The board governing Iowa’s medical marijuana program plans to ask the Iowa Legislature to allow the state public health department to decide how many dispensaries for consumers there should be — and where they should be located — rather than restricting dispensary licenses statewide to five.
“It’s well-documented that patients are traveling far distances” to get medical marijuana products, said Owen Parker, chief of Iowa’s medical cannabis office in the Iowa Department of Public Health. “There are plenty of areas of the state that do have a two or more hour drive.”
About $2.3 billion of the 32.7 percent spike in federal aid the state received during the 2020 fiscal year came from the CARES Act.
The board voted unanimously at a virtual meeting Friday on a recommendation to the Iowa Legislature to change the law to give the state health department discretion to decide how many dispensaries are licensed and where they will be located.
This would allow the agency to consider putting more dispensaries in urban areas with a higher concentration of registered patients, while still balancing access by rural patients.
“One of the benefits of putting it in high-concentration areas is competition,” said Stephen Richards, a Spirit Lake pharmacist and board member. “That’s what drives price down most of the time.”
Iowa’s medical marijuana program, created in 2014 and expanded in 2017 and 2020, allows two licensed manufacturers and five dispensaries, which are supposed to be spread geographically around the state. Dispensaries now are located in Iowa City, Waterloo, Des Moines, Sioux City and Council Bluffs.
If new licenses are added, the state would still seek requests for proposals. The soonest new dispensaries could open if the law were changed would be 2023, Parker said.
To be able to buy medical marijuana products from the dispensaries, patients must have a qualifying medical condition certified by a health care practitioner and a state registration card. According to the public health department, there were over 7,300 active cardholders in Iowa in October.
The Iowa City dispensary, which the Iowa Cannabis Co. opened Oct. 1, was largely responsible for a 15 percent boost in program sales for October over the previous month, Parker reported. The state’s total sales, excluding sales tax, for October was $615,963, the highest of any month in the year so far.
Nearly two-thirds of the sales in the past 12 months have been products with high THC, or tetrahydrocannabinol, the psychoactive compound in cannabis.
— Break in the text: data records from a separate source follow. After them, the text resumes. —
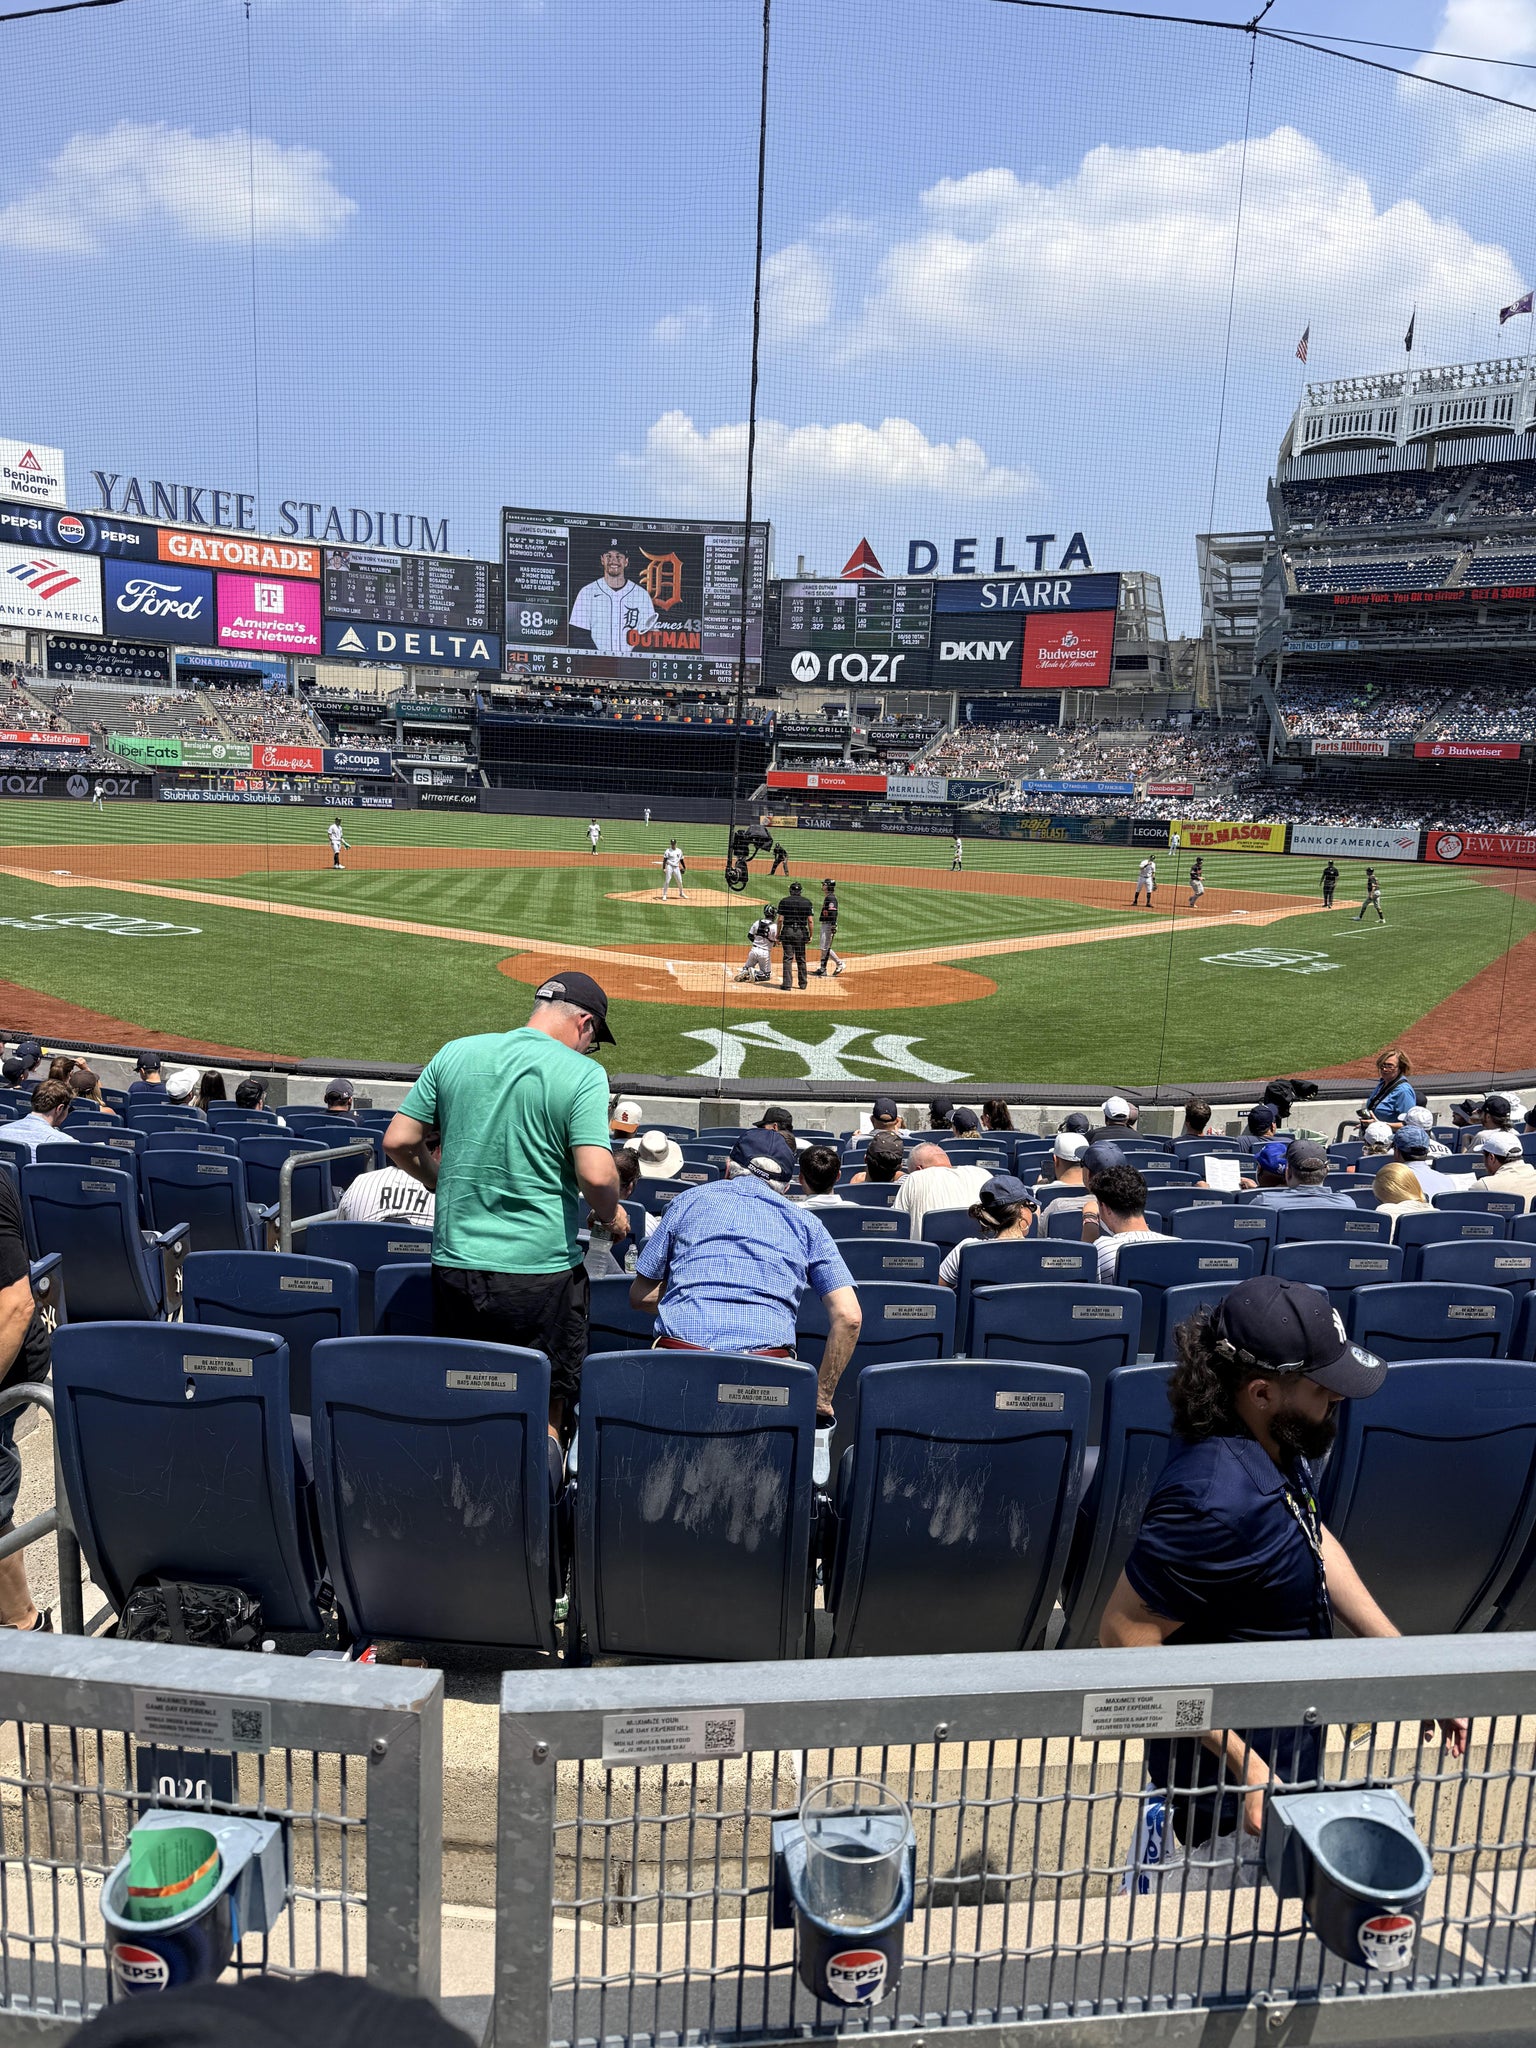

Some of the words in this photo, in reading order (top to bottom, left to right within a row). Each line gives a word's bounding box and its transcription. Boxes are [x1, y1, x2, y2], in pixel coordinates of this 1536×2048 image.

[3, 467, 57, 487] Benjamin
[11, 481, 49, 496] Moore
[90, 470, 255, 531] YANKEE
[1, 514, 42, 530] PEPSI
[279, 500, 450, 552] STADIUM
[60, 525, 83, 535] PEPSI
[101, 530, 140, 545] PEPSI
[168, 535, 313, 573] GATORADE
[907, 531, 1092, 576] DELTA
[117, 579, 204, 620] Ford
[980, 580, 1072, 608] STARR
[1471, 590, 1488, 600] GET
[28, 608, 42, 618] OF
[45, 610, 100, 624] AMERICA
[466, 617, 483, 626] 1:59
[520, 610, 543, 628] 88
[232, 616, 306, 633] America's
[684, 618, 701, 632] 43
[221, 625, 258, 641] Best
[260, 629, 318, 646] Network
[521, 628, 554, 637] CHANGEUP
[627, 629, 701, 649] OUTMAN
[376, 630, 490, 660] DELTA
[940, 641, 1013, 661] DKNY
[1320, 641, 1331, 649] CUP
[83, 652, 98, 661] New
[97, 653, 111, 664] York
[111, 655, 134, 665] Yankees
[533, 654, 545, 662] DET
[1037, 648, 1099, 660] Budweiser
[190, 656, 213, 666] KONA
[214, 658, 229, 667] BIG
[532, 664, 546, 672] NYY
[552, 660, 558, 668] 2
[827, 653, 905, 683] razr
[1036, 659, 1059, 669] Made
[1059, 661, 1066, 670] of
[1065, 659, 1096, 668] America
[312, 702, 343, 710] COLONY
[352, 705, 383, 713] GRILL
[440, 707, 469, 715] GRILL
[112, 743, 143, 757] Uber
[146, 745, 179, 758] Eats
[1315, 742, 1339, 751] Parts
[1340, 740, 1385, 753] Authority
[1448, 746, 1503, 757] Budweiser
[262, 746, 314, 769] Chick-fil-A
[348, 754, 380, 767] coupa
[416, 773, 430, 782] GS
[820, 777, 846, 785] TOYOTA
[0, 775, 47, 794] razr
[888, 784, 926, 794] MERRILL
[1149, 785, 1176, 793] Reebok
[163, 791, 200, 801] StubHub
[202, 791, 240, 802] StubHub
[243, 793, 280, 803] StubHub
[325, 796, 354, 806] STARR
[361, 797, 392, 805] CUTWATER
[421, 793, 477, 804] NITTOTIRE.COM
[804, 818, 832, 829] STARR
[880, 823, 905, 832] StubHub
[907, 824, 930, 833] StubHub
[931, 825, 954, 834] StubHub
[1041, 827, 1066, 839] BLAST
[1133, 827, 1169, 838] LEGORA
[1293, 836, 1323, 846] BANK
[1324, 837, 1339, 846] OF
[1340, 838, 1391, 849] AMERICA
[1465, 836, 1495, 852] F.W.
[379, 1186, 430, 1213] RUTH
[145, 1703, 165, 1712] GAME
[1362, 1929, 1414, 1945] PEPSI
[830, 1962, 884, 1982] PEPSI
Board members, and one person who spoke during the public comment period, expressed concern about websites, such as PrestoDoctor, that allow prospective patients to register for the medical marijuana program and get waivers of the 90-day THC limit set by Iowa code.
“That’s commercialization exactly like happened with opioids, or pill mills,” Richards said.
Parker said telehealth providers licensed in Iowa are allowed under the state’s medical marijuana program. The board did not make a recommendation for changes.
The board also approved recommendations to ask the Legislature to make medical marijuana exempt from sales tax, like other medicines, and allow honorably discharged veterans to qualify for reduced registration fees.
The board also would like to add to its membership a physicians assistant and an advanced nurse practitioner. These professions were newly added to the list of practitioners who can certify a health condition qualifying for the program.